「市場調査やアセットの事業性評価など注力」

「市場調査やアセットの事業性評価など注力」

JLL森井鑑定の永野新社長が事業拡大へ抱負

 ジョーンズ ラング ラサール(JLL)傘下で不動産鑑定評価を手掛けるJLL森井鑑定の永野誠社長は1月29日、東京都内のJLL本社で記者会見した。

 今月就任したばかりの永野社長は、中核の鑑定評価業務を強化するのに加え、不動産投資商品の分析や市場調査、オペレーショナルアセット(施設運営の巧拙で収益性が大きく変動する不動産)が持つ事業性の評価などを幅広く手掛ける「総合バリエーションカンパニー」に進化していきたいとの考えを示した。


会見で事業拡大の抱負を述べる永野社長

 併せて、JLLがグローバルに展開している不動産サービスのネットワークも活用し、英文鑑定評価の要約・解説などを通じて日本から海外不動産へのアウトバウンド投資をサポートすることにも強い意欲を示した。

 永野社長は「不動産鑑定業界は日本不動産研究所、大和不動産鑑定、谷澤総合鑑定所がビッグ3と呼ばれている。そこに並び得る立ち位置まで、規模なり業績なりを伸ばしていきたい」と抱負を述べた。

物流施設は「まずしっかり鑑定」

 永野社長は核としている不動産鑑定評価について、今後は「不動産」と「評価」に分解してビジネスの拡大を目指す姿勢を強調。「不動産」に関しては、新たな顧客として海外不動産への投資を希望する投資家や、運用対象を多様化したい地域金融機関へのサービス売り込みを図ることなどを明らかにした。

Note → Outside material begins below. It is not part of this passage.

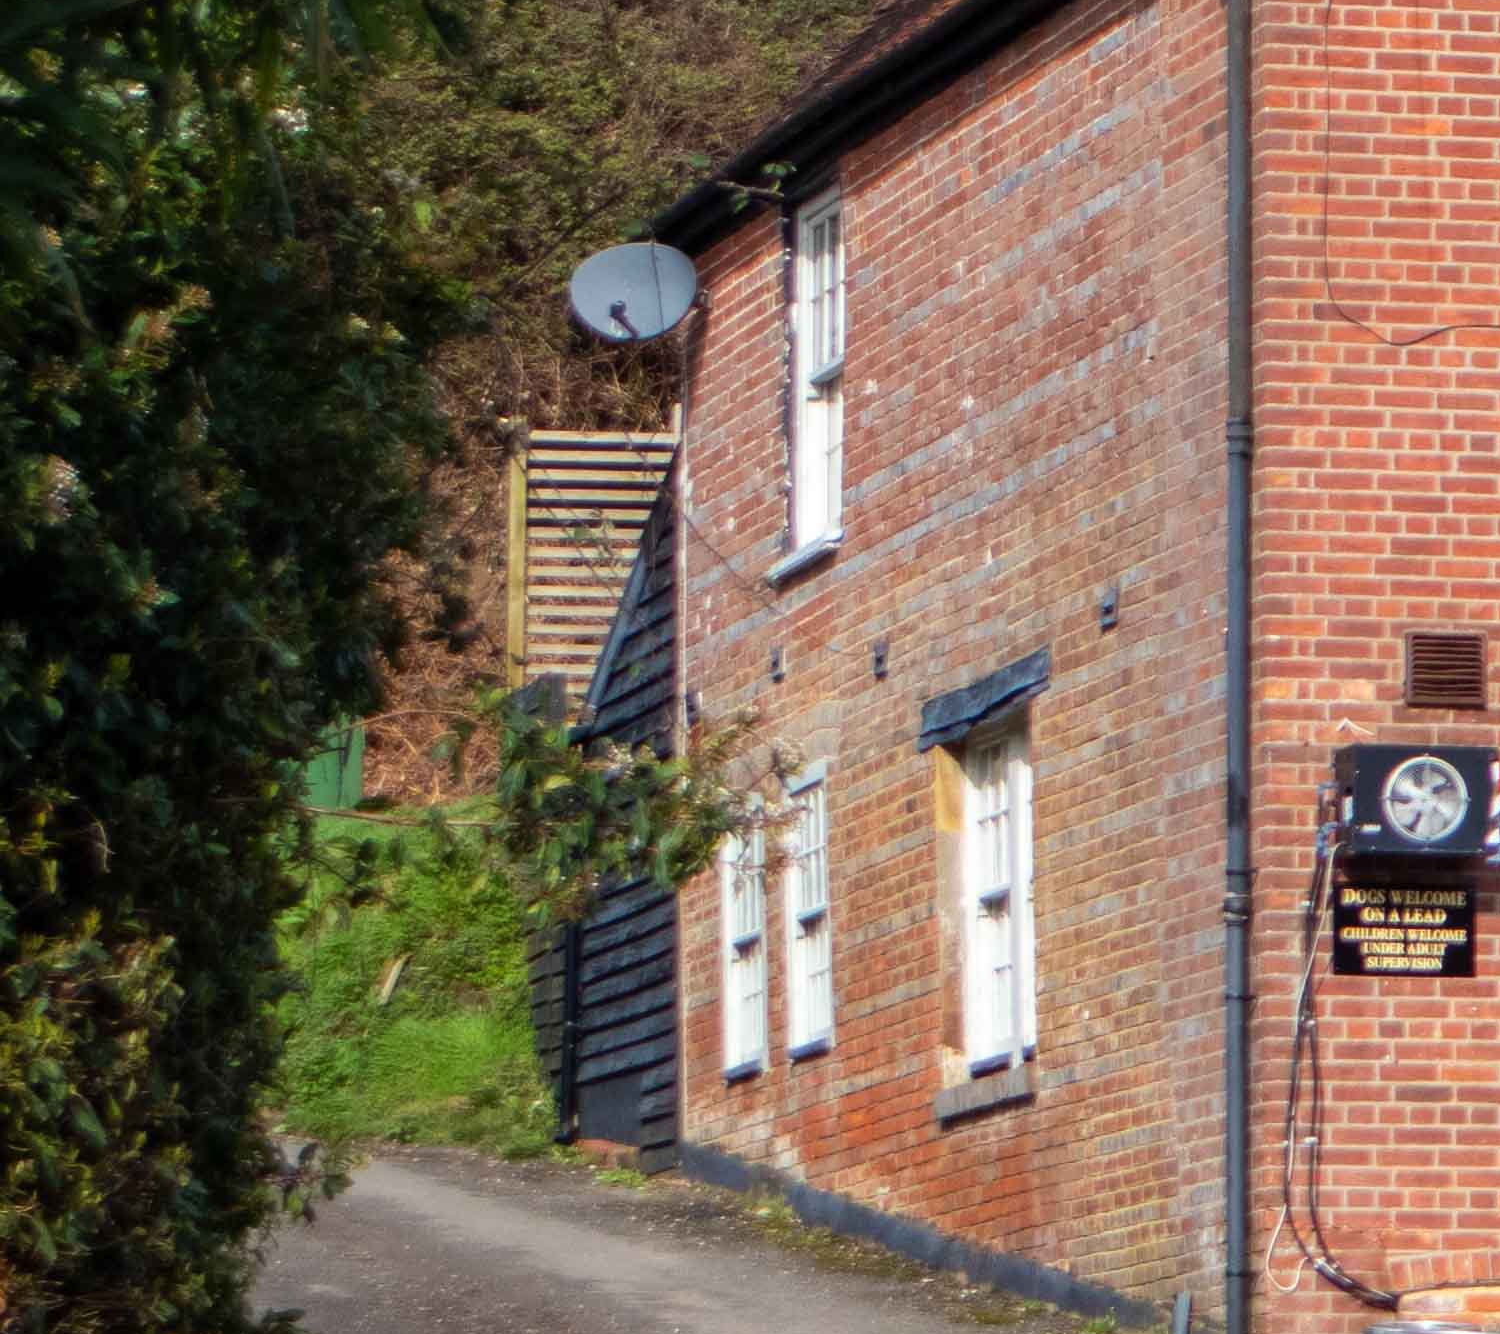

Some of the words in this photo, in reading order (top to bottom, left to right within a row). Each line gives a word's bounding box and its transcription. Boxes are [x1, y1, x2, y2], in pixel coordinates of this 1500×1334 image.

 「評価」の部分では、機関投資家向けにさまざまな不動産投資商品を分析するほか、今後成長が見込まれるオペレーショナルアセットとして、トランクルームなどのセルフストレージ、学生寮、データセンターの事業評価を手掛けたいとの考えを示した。

 一般的にオペレーショナルアセットの一種に位置付けられる物流施設については「非常に日本の不動産業界で大切な、メジャーなアセット。われわれとしては、どちらかといえばまだそれほどメジャーになっていないところで強みを発揮していきたい。物流施設はこれまでと同様、まずかっちりと鑑定をさせていただくところで対応したい」と述べた。

 同社の前身となる森井総合鑑定は1948年創業。2016年にJLLが全株式を取得し子会社化、18年に現社名へ変更した。鑑定件数の1割程度を物流施設が占める。今年5月1日付でJLLの鑑定部門とJLL森井鑑定を統合する予定。

 永野社長は三和銀行(現三菱UFJ銀行)出身。投資顧問会社などを経て15年10月に森井総合鑑定の執行役員COO(最高執行責任者)に就いた。